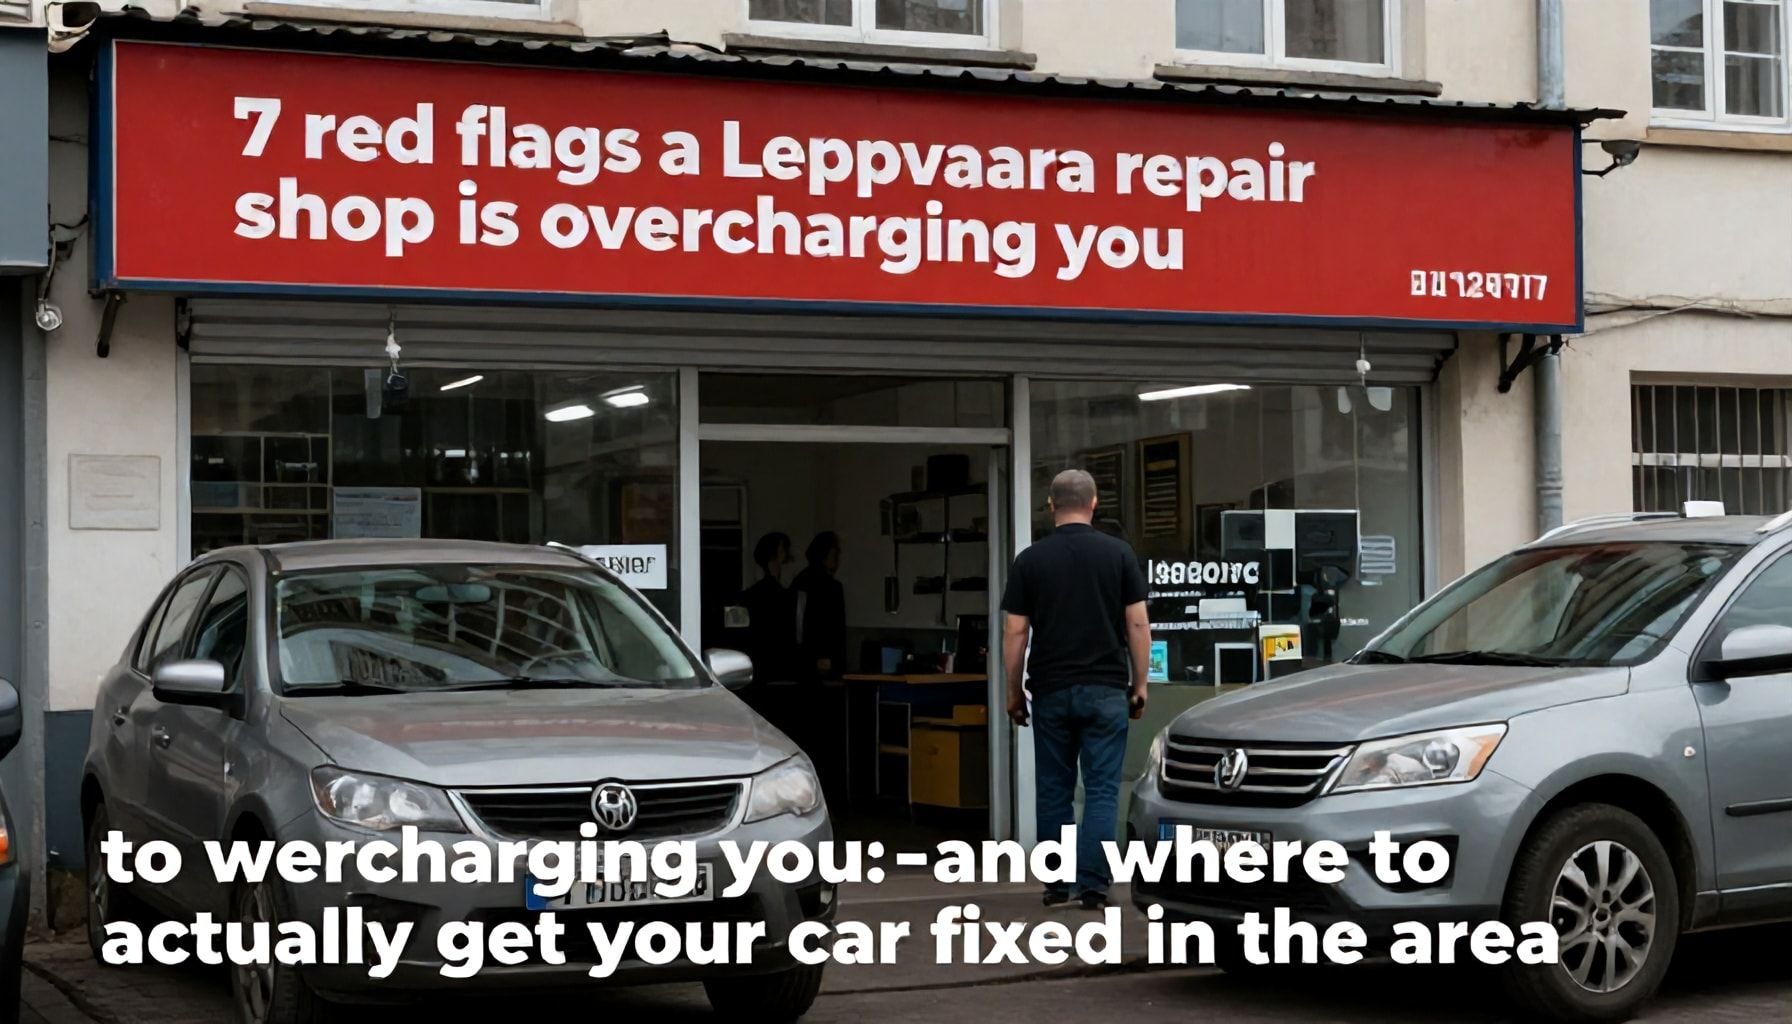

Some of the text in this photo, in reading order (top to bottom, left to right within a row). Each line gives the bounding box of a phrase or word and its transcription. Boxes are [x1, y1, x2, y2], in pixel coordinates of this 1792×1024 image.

[234, 97, 1315, 211] 7 red flags a Leppvaara repair
[234, 178, 1184, 280] shop is overcharging you
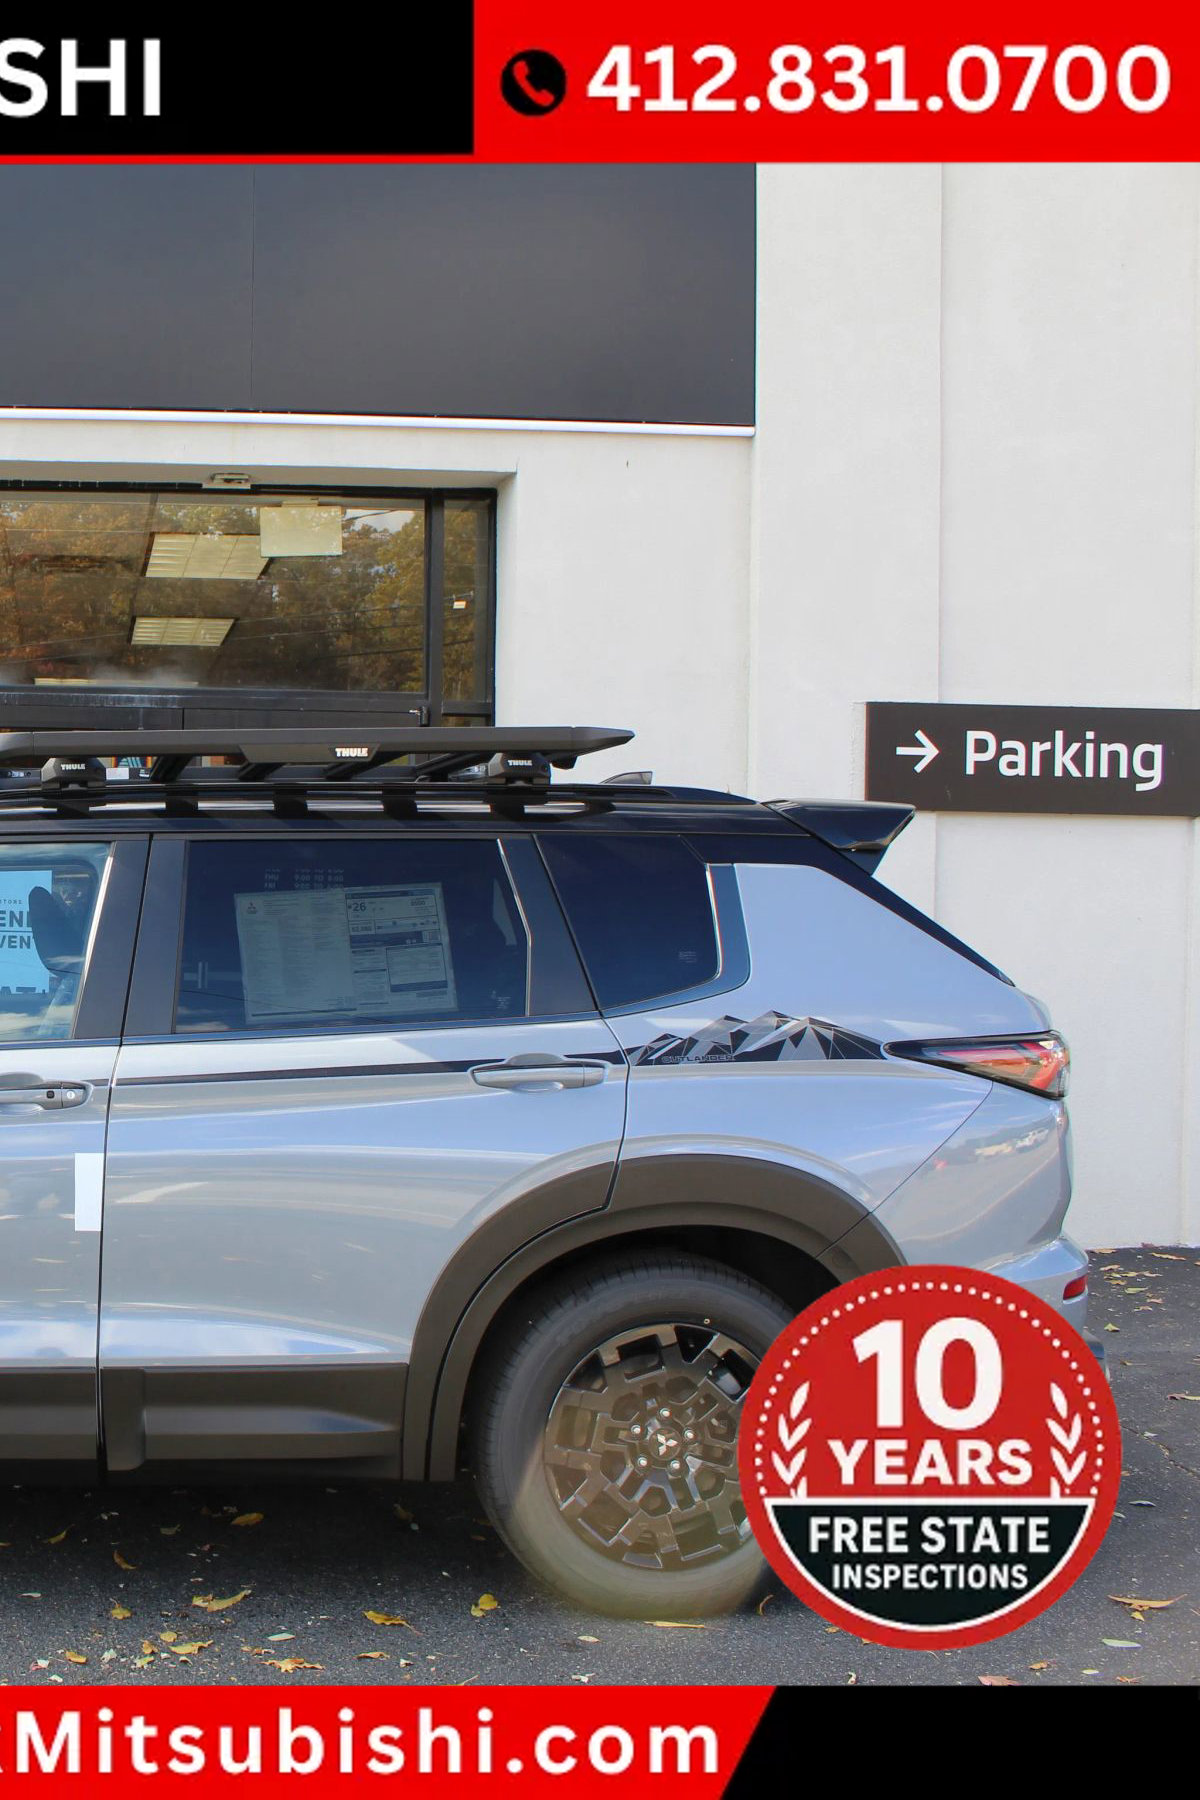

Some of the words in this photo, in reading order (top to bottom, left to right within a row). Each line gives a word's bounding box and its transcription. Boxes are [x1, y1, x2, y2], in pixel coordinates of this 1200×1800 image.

[334, 747, 368, 758] THULE
[507, 759, 533, 767] THULE
[965, 729, 1163, 792] Parking
[60, 763, 86, 771] THULE
[661, 1054, 733, 1064] OUTLANDER
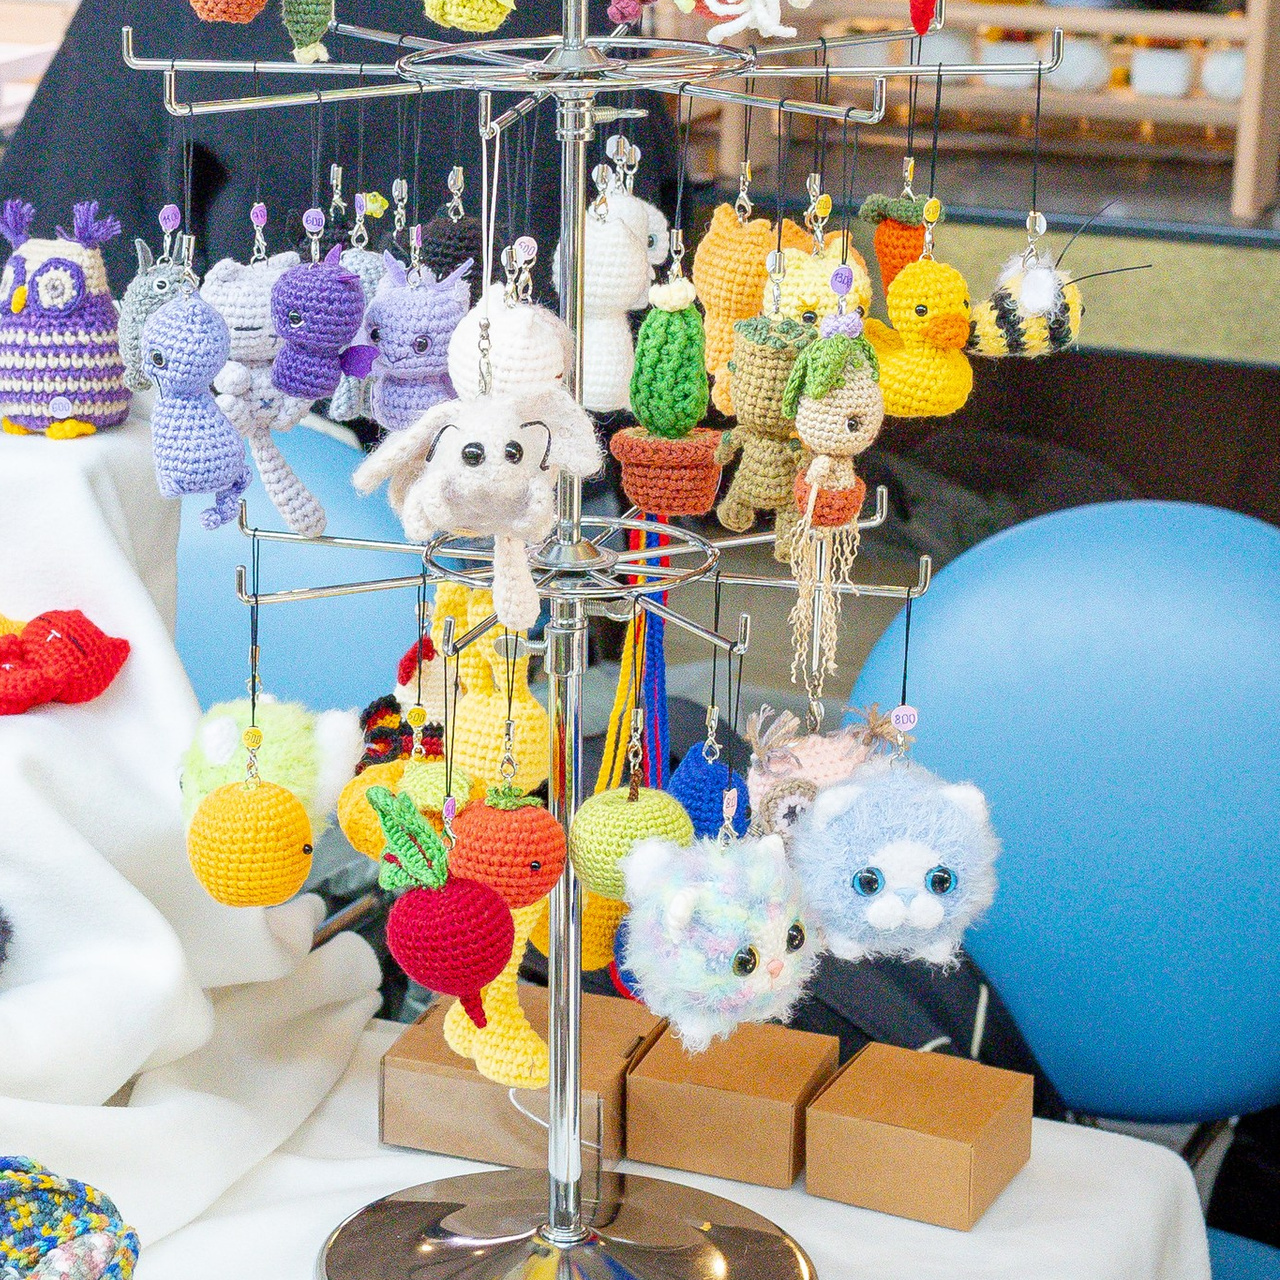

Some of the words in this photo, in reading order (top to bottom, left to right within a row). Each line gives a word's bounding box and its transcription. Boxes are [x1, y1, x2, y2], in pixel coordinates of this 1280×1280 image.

[305, 214, 324, 227] 600
[518, 241, 535, 256] 500
[51, 401, 70, 413] 600
[408, 711, 425, 723] 500
[894, 713, 916, 725] 800
[243, 731, 261, 744] 500

⁂

Directions for this task: Write out the entries again, word for word. No images.

Completed exercise:
Some of the text in this photo, in reading order (top to bottom, left to right within a row). Each line gives the bounding box of a phrase or word and its transcription. Boxes are [x1, y1, x2, y2], in pixel coordinates of this 1792×1024 image.

[234, 97, 1315, 211] 7 red flags a Leppvaara repair
[234, 178, 1184, 280] shop is overcharging you

Some of the words in this photo, in reading order (top to bottom, left to right within a row). Each line gives a word's bounding box and its transcription. Boxes are [x1, y1, x2, y2], in pixel coordinates of this 1200×1800 image.

[334, 747, 368, 758] THULE
[507, 759, 533, 767] THULE
[965, 729, 1163, 792] Parking
[60, 763, 86, 771] THULE
[661, 1054, 733, 1064] OUTLANDER

Some of the words in this photo, in reading order (top to bottom, left to right within a row). Each line gives a word's bounding box and its transcription. Boxes are [x1, y1, x2, y2], in pixel coordinates of this 1280×1280 image.

[305, 214, 324, 227] 600
[518, 241, 535, 256] 500
[51, 401, 70, 413] 600
[408, 711, 425, 723] 500
[894, 713, 916, 725] 800
[243, 731, 261, 744] 500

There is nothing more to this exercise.